5. ¿Qué es un azúcar reductor? Dé ejemplos. ¿La sacarosa es un azúcar reductora?

¿Fundamente?

Aquellos azúcares capaces de reducir iones cúpricos, tales como la glucosa, galactosa,
fructosa, etc. Se denominan azúcares reductores, y se pueden identificar por medio de
reacciones como la de Fehling, Benedict o Tollens.

La sacarosa, a diferencia de los azúcares antes mencionados, es un disacárido que no posee

carbonos anoméricos libres, por lo que no es un azúcar reductor y, por lo tanto, da negativo a
la reacción de Fehling.[7]

6. Define que es una enzima y explica su importancia en el metabolismo.

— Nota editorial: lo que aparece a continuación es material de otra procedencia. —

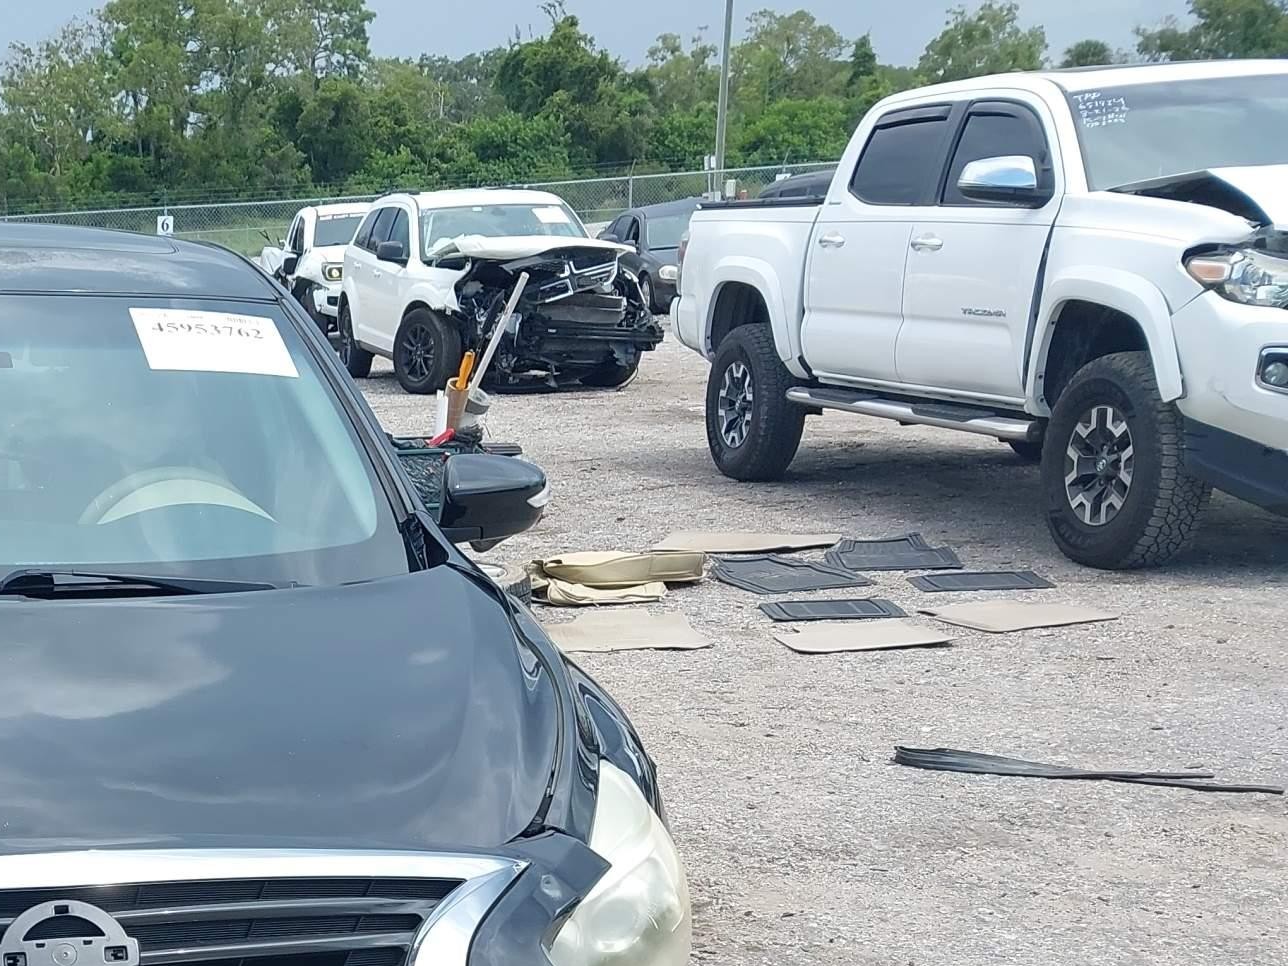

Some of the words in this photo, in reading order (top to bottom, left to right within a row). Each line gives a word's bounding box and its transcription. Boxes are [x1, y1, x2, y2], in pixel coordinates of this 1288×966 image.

Una enzima se puede definir como un catalizador biológico de naturaleza proteica, y su

importancia radica en las funciones que cumple para que las reacciones en nuestro organismo
se lleven a cabo en un tiempo razonable, que en condiciones no catalíticas tardarían incluso
miles de veces más en producirse. Tienen una enorme variedad de funciones dentro de la
célula, tales como la degradación de azúcares, síntesis de grasas y aminoácidos, degradación
de productos sub tóxicos para la célula, etc.[8]